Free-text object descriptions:
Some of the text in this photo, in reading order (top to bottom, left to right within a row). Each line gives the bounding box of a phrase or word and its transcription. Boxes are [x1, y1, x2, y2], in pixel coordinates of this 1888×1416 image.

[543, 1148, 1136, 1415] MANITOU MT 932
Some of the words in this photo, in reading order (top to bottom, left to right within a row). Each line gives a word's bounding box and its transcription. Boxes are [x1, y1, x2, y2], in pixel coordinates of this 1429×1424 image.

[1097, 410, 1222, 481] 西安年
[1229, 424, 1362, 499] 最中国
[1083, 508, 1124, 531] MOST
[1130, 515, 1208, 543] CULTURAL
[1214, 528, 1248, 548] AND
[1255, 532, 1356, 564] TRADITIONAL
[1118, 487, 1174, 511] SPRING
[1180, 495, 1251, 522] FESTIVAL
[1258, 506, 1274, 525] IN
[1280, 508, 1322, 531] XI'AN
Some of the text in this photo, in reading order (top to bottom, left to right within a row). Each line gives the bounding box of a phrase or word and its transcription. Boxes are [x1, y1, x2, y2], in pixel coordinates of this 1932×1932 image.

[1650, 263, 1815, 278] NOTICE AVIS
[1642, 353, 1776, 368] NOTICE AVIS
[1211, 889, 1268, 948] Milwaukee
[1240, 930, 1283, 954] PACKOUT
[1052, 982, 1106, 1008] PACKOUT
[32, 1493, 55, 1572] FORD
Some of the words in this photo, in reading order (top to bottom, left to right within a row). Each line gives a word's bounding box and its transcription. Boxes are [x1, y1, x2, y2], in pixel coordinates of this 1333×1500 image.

WHAT THIS TASK INVOLVES: Restate every entry above exactly as it stands.

THE ANSWER:
Some of the text in this photo, in reading order (top to bottom, left to right within a row). Each line gives the bounding box of a phrase or word and its transcription. Boxes are [x1, y1, x2, y2], in pixel coordinates of this 1888×1416 image.

[543, 1148, 1136, 1415] MANITOU MT 932
Some of the words in this photo, in reading order (top to bottom, left to right within a row). Each line gives a word's bounding box and its transcription. Boxes are [x1, y1, x2, y2], in pixel coordinates of this 1429×1424 image.

[1097, 410, 1222, 481] 西安年
[1229, 424, 1362, 499] 最中国
[1083, 508, 1124, 531] MOST
[1130, 515, 1208, 543] CULTURAL
[1214, 528, 1248, 548] AND
[1255, 532, 1356, 564] TRADITIONAL
[1118, 487, 1174, 511] SPRING
[1180, 495, 1251, 522] FESTIVAL
[1258, 506, 1274, 525] IN
[1280, 508, 1322, 531] XI'AN
Some of the text in this photo, in reading order (top to bottom, left to right within a row). Each line gives the bounding box of a phrase or word and its transcription. Boxes are [x1, y1, x2, y2], in pixel coordinates of this 1932×1932 image.

[1650, 263, 1815, 278] NOTICE AVIS
[1642, 353, 1776, 368] NOTICE AVIS
[1211, 889, 1268, 948] Milwaukee
[1240, 930, 1283, 954] PACKOUT
[1052, 982, 1106, 1008] PACKOUT
[32, 1493, 55, 1572] FORD
Some of the words in this photo, in reading order (top to bottom, left to right within a row). Each line gives a word's bounding box and its transcription. Boxes are [x1, y1, x2, y2], in pixel coordinates of this 1333×1500 image.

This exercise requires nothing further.